Studies show that the protein requirements during exercise are greater by 0.8 kg per day than the recommended dietary norms developed.
The stress on endurance causes a training adaptation, which changes the metabolism of proteins. The increased oxidation of amino acids increases the protein content of the mitochondria, which may require more proteins than recommended dietary norms (RDN). The intensity of the load and the duration of training contribute to the enhancement of oxidation of amino acids. This can help identify hardy athletes participating in training sessions of varying intensity, since their need for proteins is different.
- Low intensity. Athletes who regularly train at V02max below 50% (leisurely walking, bicycle race, dance) do not need additional protein. Indeed, such a level of loading can give a positive incentive for protein utilization, without increasing the body's need for it.
- High intensity. Athletes who regularly and vigorously exercise (running, swimming, cycling) require more protein than RDN - from 1.2 to 1.4 g-kg per day (140-160% RDN). It is assumed that such an increased demand for proteins is most important during the first two weeks of the intensive exercise program.
Load to overcome resistance
Lifting weights increases the protein requirements. Maintaining muscle mass requires significantly less protein than its increase. Studies show that with adequate energy absorption, muscle mass can be maintained at a protein intake level of 5-10 g-kg per day. However, bodybuilders and weightlifters rarely want only to preserve the available muscle mass. Most of them try to increase it with the help of training classes.

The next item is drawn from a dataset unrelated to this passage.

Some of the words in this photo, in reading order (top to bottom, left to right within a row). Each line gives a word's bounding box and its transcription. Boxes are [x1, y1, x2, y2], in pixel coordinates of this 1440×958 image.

Existing recommendations for building muscle mass during resistance training are in the range of protein intake of 1.4-1.8 g-kg per day (160-200% RDN). Adequate energy consumption also helps improve protein utilization while increasing muscle mass. Energy should be adequate or even slightly higher than the energy needed to maintain body weight (200 kcal per day or 3 kcal / kg per day).
Timing for protein intake
Studies have shown that some protein and carbohydrates (the recommended ratio of 1: 3) after physical exertion contributes to the enhancement of glycogen resynthesis, stimulating the release of insulin. The combination of proteins and carbohydrates in food after intense training can also stimulate an increase in muscle mass by releasing insulin and growth hormone. It has been suggested that the carbohydrate supplement, immediately or within 1 h after the resistance load, gives a more positive nitrogen balance than a few hours after the load.

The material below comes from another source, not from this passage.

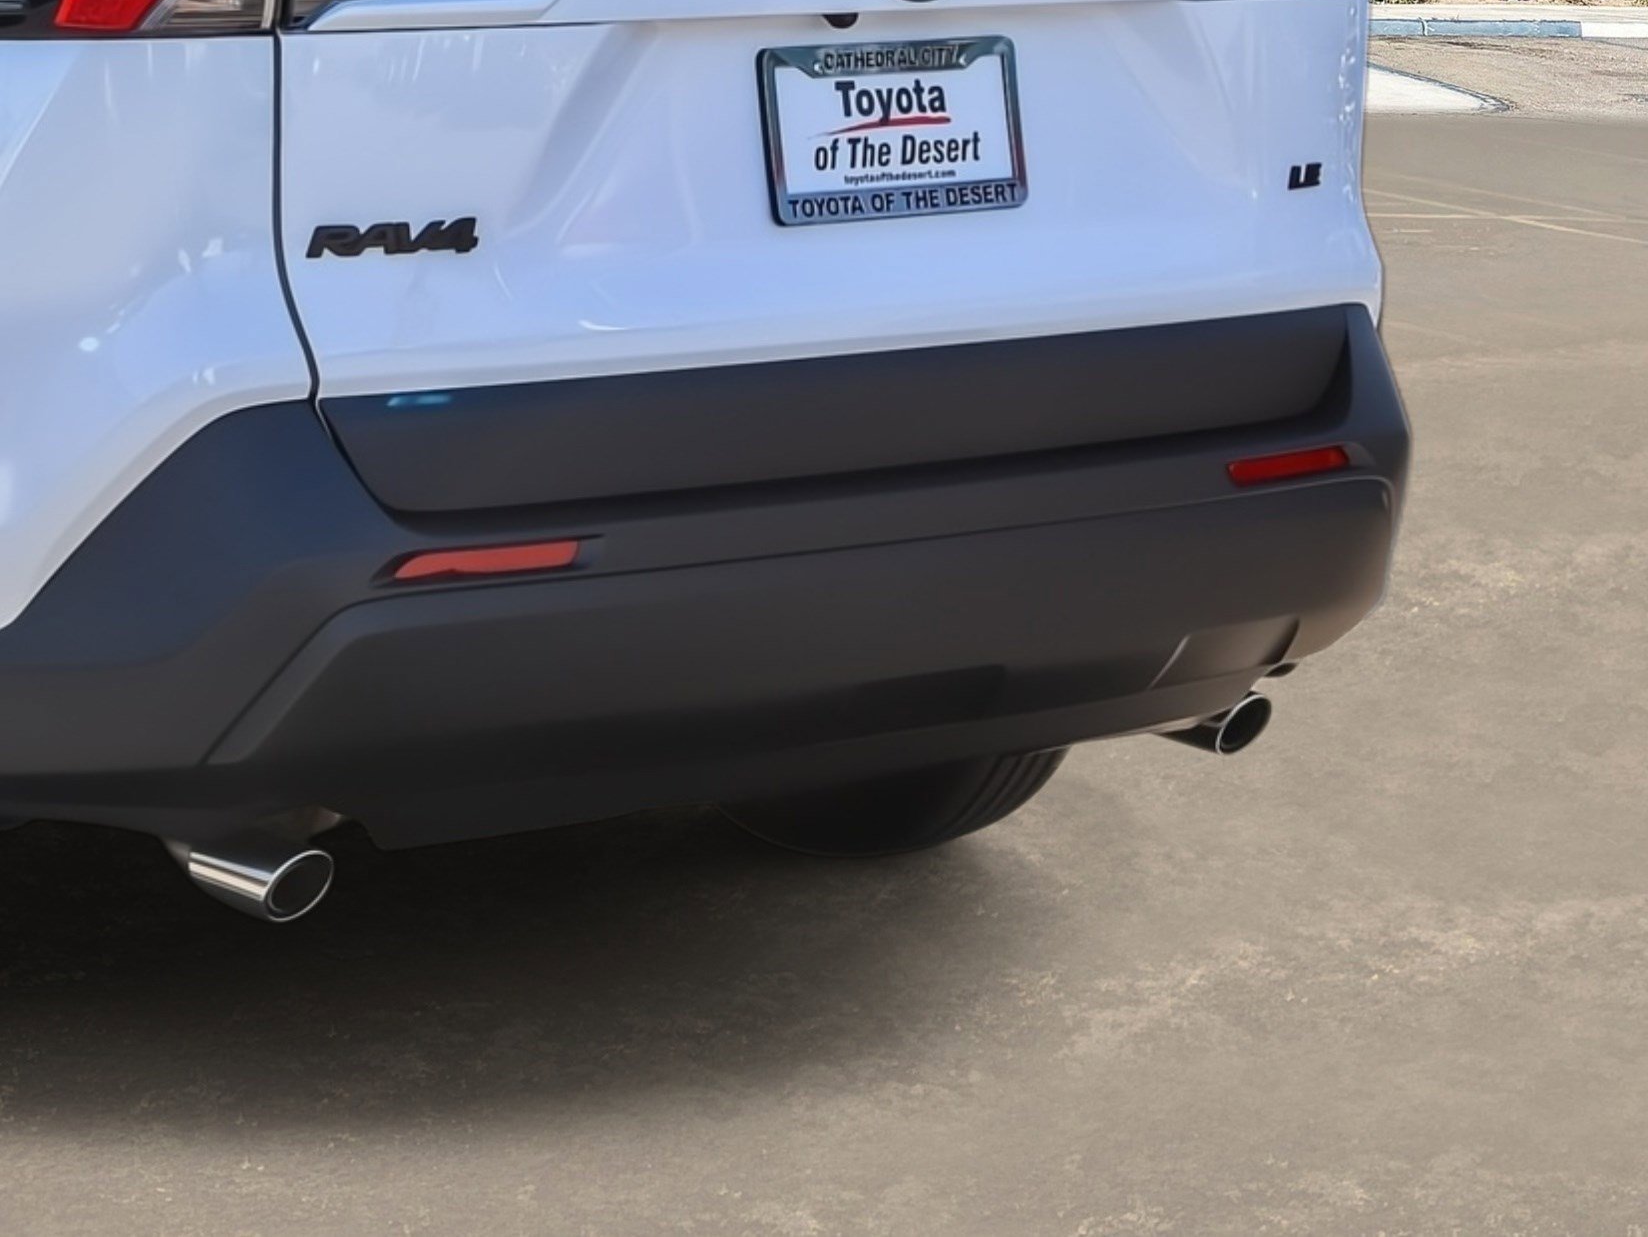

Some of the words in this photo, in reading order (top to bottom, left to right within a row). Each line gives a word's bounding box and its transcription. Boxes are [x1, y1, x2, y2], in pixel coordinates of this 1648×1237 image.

An important subject for discussion is improving the methodology of training sessions. Training to overcome resistance and training for endurance rarely exclude each other. Bodybuilders and weightlifters participate in aerobic exercise, but not at the level with athletes working for endurance. The latter recognize the benefits of training sessions with lifting weights. Since many athletes are engaged in training to develop strength and endurance, their protein requirement is 1.2-1.8 g-kg per day. The requirement of each athlete in the protein must be calculated individually.

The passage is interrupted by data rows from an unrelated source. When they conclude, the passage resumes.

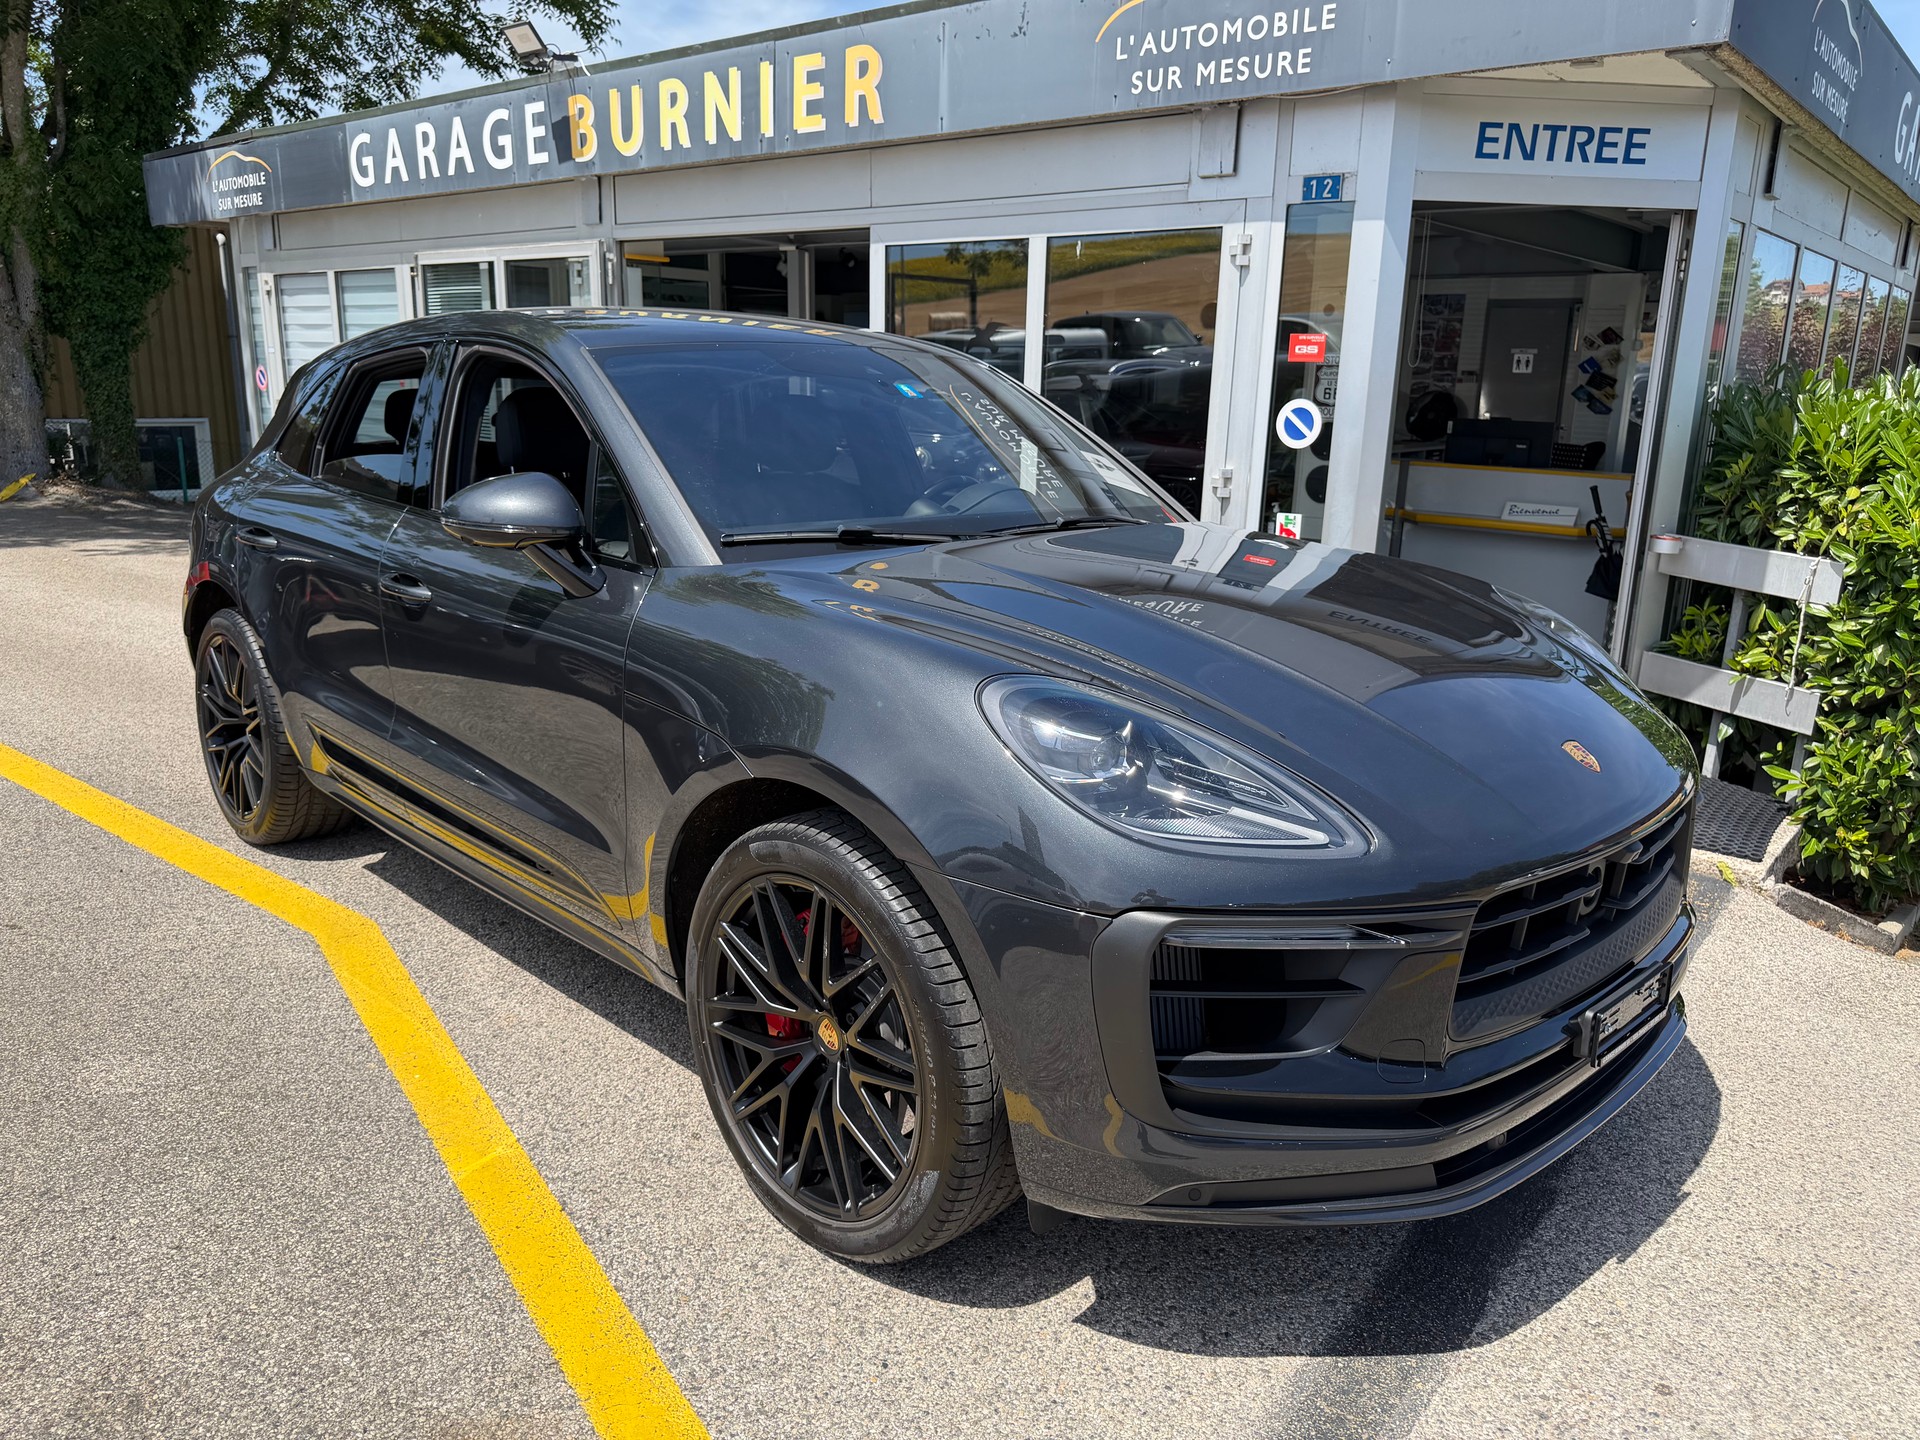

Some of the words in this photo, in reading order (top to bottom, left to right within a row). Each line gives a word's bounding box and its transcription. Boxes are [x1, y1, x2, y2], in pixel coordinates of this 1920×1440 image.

[1116, 3, 1337, 61] L'AUTOMOBILE
[1131, 65, 1183, 95] SUR
[1196, 47, 1312, 86] MESURE
[1814, 26, 1858, 92] L'AUTOMOBILE
[350, 100, 549, 188] GARAGE
[567, 44, 885, 163] BURNIER
[1812, 71, 1826, 104] SUR
[1825, 83, 1849, 124] MESURE
[1475, 121, 1652, 165] ENTREE
[1895, 91, 1920, 184] GA
[212, 171, 266, 193] L'AUTOMOBILE
[218, 197, 232, 211] SUR
[234, 192, 263, 209] MESURE
[1310, 180, 1333, 199] 12
[1295, 345, 1319, 354] GS

Calculation of protein requirements
The need for a protein can be determined by identifying the level of motor activity for different groups of people. It is important to consider, the athlete begins to train under an individual program and / or he or she is already involved in training sessions for the development of strength and endurance. So, a football player who regularly trains for endurance and strength development, the need for protein will be maximum, and for other athletes who perform only aerobic loads without lifting weights, the protein requirement may correspond to the lowest level.